Vi racconto quello che in questi giorni così insoliti, capita quando vai a fare la spesa. Almeno quello che è successo a me per tre giorni di fila.

Giovedì mattina verso le 12, vado al super mercato sotto casa, volevo fare la spesa per diversi giorni; dato che sono intollerante al glutine e al lattosio devo fare scorte.

Pensavo che alle 12 non avrei trovato molta fila, diciamo che quello che è successo poi stamattina mi ha fatto ricredere della mezz’ora in fila.

Dicevo di giovedì, mi avvio dopo trenta minuti di attesa fuori dentro al locale, guardo fra i vari prodotti che mi servono, di 15 oggetti ne trovo a malapena 7, va beh mi dico forse devono fare rifornimento, tornerò domani mattina.

Mi girano le scatole ovviamente, ma a questo punto che devo fare?

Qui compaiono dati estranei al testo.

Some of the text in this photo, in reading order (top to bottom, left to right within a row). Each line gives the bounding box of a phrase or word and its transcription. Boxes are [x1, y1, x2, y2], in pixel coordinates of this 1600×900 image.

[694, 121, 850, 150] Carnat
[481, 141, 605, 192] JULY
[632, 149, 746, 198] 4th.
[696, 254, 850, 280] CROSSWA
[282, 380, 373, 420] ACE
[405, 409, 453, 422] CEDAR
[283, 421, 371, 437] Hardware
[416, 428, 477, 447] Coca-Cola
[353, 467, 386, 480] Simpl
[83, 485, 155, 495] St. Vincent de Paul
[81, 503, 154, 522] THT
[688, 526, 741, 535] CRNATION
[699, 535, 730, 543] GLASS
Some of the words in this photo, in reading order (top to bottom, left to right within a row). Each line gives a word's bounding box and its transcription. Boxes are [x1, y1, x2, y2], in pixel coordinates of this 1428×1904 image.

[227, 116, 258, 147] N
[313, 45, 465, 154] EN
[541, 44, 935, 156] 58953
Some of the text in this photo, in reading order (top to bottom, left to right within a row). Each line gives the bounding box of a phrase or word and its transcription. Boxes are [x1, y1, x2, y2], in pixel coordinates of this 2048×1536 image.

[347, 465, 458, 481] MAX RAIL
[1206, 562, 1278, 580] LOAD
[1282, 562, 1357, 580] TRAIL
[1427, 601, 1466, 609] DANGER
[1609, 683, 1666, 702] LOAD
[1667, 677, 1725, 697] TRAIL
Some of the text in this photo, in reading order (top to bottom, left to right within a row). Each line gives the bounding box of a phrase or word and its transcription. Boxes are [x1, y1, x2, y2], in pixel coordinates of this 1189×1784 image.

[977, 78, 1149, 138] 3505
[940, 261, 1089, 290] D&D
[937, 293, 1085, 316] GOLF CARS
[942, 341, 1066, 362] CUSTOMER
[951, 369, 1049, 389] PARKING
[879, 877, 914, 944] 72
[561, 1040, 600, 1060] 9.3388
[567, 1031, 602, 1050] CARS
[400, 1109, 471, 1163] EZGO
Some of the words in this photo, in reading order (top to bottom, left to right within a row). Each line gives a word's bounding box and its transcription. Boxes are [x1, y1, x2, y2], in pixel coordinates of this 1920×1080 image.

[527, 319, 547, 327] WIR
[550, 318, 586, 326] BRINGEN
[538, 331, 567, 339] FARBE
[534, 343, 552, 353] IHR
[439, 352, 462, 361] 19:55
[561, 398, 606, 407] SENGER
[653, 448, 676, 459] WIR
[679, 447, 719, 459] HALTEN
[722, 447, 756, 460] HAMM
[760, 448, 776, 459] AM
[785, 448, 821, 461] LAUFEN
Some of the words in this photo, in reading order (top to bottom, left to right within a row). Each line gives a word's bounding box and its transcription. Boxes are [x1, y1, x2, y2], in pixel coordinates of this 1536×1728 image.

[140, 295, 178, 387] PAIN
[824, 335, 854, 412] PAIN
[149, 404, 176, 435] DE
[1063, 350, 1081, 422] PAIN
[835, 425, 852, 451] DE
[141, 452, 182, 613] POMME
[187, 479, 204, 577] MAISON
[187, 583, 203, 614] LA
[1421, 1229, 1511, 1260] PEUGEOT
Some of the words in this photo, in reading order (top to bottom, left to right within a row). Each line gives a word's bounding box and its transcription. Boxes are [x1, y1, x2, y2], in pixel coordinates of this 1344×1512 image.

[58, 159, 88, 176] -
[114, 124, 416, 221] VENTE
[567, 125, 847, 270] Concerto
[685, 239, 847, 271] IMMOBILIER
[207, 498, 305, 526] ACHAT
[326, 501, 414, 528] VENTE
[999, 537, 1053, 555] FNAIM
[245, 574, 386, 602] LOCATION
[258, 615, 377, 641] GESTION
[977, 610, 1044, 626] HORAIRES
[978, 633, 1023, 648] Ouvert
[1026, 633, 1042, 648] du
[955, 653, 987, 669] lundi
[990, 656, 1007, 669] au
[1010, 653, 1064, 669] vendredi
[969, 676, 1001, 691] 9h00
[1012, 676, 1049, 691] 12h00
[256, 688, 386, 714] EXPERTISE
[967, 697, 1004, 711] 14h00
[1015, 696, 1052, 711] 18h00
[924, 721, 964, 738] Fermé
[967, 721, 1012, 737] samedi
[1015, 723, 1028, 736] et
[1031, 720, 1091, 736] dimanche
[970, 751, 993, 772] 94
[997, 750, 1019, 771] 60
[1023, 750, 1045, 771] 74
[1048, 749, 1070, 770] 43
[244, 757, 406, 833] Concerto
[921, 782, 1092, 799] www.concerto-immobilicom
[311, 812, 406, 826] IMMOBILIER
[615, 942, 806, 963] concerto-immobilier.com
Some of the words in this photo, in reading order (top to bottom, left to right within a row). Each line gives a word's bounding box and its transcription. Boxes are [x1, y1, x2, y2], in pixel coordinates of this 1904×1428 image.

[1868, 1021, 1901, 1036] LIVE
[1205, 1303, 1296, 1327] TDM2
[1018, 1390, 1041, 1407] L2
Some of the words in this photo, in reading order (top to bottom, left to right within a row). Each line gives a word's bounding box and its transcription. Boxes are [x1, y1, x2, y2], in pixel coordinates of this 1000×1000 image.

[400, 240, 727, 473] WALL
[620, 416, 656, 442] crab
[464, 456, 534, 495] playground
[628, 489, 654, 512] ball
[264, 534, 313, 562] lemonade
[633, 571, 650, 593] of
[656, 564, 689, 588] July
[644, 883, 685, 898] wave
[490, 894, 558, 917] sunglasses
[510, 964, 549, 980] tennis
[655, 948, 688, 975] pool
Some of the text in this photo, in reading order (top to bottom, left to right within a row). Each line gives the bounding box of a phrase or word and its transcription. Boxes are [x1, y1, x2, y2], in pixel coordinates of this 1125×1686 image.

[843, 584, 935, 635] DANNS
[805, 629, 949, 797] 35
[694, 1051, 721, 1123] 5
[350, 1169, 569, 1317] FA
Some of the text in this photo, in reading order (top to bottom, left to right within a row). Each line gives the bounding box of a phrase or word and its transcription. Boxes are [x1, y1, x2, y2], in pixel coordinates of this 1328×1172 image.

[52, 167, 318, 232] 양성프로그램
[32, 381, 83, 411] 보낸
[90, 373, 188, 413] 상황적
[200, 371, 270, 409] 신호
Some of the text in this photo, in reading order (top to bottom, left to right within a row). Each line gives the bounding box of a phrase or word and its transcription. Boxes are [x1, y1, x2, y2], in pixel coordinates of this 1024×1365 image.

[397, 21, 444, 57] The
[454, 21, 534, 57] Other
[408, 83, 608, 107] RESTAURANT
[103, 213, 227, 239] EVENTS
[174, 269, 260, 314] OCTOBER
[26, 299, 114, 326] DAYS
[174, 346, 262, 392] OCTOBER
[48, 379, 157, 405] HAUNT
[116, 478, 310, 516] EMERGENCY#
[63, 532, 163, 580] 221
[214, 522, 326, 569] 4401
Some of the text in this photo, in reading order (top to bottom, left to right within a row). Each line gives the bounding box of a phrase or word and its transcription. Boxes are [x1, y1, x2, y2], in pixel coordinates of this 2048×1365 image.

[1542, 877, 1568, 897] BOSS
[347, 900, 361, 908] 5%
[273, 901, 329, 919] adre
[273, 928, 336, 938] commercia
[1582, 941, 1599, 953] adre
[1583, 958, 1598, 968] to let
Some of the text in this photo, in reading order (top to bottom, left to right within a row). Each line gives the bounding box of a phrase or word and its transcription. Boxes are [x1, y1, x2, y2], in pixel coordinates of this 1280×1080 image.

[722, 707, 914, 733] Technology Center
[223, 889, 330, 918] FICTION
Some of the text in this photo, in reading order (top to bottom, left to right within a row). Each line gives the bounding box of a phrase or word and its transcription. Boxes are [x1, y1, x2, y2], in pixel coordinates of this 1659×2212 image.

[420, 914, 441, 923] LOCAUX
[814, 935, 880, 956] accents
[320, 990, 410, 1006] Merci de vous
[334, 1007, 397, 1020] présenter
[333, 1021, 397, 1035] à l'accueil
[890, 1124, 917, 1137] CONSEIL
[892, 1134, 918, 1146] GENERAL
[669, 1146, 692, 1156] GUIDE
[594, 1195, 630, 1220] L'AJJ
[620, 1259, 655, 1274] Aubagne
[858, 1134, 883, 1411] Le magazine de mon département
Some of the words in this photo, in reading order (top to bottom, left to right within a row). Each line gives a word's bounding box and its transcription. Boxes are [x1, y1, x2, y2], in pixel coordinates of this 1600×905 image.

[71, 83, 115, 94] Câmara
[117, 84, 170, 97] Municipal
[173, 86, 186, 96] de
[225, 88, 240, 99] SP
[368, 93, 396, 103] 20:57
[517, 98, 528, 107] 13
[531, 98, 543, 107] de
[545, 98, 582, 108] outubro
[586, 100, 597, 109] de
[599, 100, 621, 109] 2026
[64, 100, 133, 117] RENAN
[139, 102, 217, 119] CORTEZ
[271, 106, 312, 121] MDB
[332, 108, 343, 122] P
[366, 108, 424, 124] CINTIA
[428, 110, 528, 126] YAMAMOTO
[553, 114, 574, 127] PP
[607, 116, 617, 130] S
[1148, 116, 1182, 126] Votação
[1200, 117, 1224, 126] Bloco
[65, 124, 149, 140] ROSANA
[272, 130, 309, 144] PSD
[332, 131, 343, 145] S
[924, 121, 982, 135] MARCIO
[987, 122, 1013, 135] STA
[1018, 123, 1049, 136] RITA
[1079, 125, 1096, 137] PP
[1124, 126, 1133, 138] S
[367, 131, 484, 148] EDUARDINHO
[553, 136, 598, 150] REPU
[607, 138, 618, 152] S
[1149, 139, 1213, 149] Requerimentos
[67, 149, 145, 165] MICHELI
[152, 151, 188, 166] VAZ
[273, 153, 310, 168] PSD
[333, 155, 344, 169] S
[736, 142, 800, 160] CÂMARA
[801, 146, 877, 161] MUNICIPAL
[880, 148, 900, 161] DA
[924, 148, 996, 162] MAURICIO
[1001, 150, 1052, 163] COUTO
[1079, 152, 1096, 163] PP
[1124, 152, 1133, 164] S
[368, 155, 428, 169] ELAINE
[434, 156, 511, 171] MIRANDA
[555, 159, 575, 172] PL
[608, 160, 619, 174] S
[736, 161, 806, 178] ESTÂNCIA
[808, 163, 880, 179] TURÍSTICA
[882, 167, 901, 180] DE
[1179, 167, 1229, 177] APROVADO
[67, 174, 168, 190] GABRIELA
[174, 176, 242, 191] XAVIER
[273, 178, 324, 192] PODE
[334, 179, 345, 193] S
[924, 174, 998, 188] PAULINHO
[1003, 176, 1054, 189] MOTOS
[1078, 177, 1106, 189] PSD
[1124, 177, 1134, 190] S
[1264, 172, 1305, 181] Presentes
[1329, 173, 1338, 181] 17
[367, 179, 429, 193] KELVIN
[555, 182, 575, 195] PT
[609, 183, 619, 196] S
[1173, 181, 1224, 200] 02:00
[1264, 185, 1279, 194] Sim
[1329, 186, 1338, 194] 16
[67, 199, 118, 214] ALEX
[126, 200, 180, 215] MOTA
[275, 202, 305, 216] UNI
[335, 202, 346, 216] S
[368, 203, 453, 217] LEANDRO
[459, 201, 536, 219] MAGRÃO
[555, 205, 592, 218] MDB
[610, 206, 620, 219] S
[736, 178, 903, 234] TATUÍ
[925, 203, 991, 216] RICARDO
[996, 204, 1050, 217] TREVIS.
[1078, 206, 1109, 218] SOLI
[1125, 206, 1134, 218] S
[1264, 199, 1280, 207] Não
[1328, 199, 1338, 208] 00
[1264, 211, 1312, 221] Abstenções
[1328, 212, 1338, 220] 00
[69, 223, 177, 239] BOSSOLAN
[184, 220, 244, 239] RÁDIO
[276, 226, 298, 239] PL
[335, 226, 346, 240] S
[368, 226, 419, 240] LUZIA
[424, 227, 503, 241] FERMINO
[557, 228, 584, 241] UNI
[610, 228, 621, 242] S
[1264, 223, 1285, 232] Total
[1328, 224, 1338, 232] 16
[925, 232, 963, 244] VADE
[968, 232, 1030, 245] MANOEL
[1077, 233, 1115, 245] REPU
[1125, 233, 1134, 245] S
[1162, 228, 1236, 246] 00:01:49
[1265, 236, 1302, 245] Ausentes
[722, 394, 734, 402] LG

Venerdì mattina mi presento alle 10, sempre sotto casa, 45 minuti di coda, entro e di tutto quello che cercavo: niente!

Esco senza spesa molto incazzata, e vado al mercatino rionale in piazza per prendere un po’ di frutta e verdura e frutta, prendo il  numerino, sto a debita distanza, mi guardo intorno e mi sembra strano ho il numero di 19, ma di gente ce né molta di più! Tolgo gli auricolari e mi metto in ascolto: “Numero 89”. Rimango lì come un baccalà, mi faccio autoconvincimento e dico va beh, c’è il sole, aspetto, dopo 20 minuti non ce la fo più di stare a scansare gente, che passa, si mette in fila troppo vicino, s’avvicina al banco anche se recintato, per guardare la merce. Sconsolata torno a casa, con le borse vuote.

Decide che domani sabato, vado al centro-commerciale, due fermate di tramvia, ci vado presto dico fra me e me.

Stamattina bella pimpante, a 5 alle 8 arrivo al supermercato, mi fermo smarrita, tanta gente in coda: “Non è possibile,” mi sfugge ad alta voce. L’uomo davanti a me si volta e mi dice: “Un vigilante mi ha detto che sono in coda dalle 6”. Smarrita, ma imperterrita mi rassegno a fare la coda, 1 e 5 minuti per arrivare all’entrata!

Sono uscita con il mio carrellino colmo di viveri per una settimana, mi sentivo vittoriosa! Ho vinto una sfida, la sfida della coda!

Ma cazzo! Quanto mangiate?  Scusate il francesismo, ma mi chiedo ma li ascoltate i richiami all’ordine, a non uscire tutti i giorni, a non stare ammassati, che è per il bene di tutti di stare in casa.

Vogliamo uscirne fuori da questa pandemia? Vogliamo di piangere i morti?

Fioralba Focardi  

5 Comments

  1. Io sono andata una volta la scorsa settimana e poi stamattina. Stamani tre ore e mezzo tra coda e spesa. E alcune cose che non ho trovato la scorsa settimana, ancora mancavano oggi. Senza parole!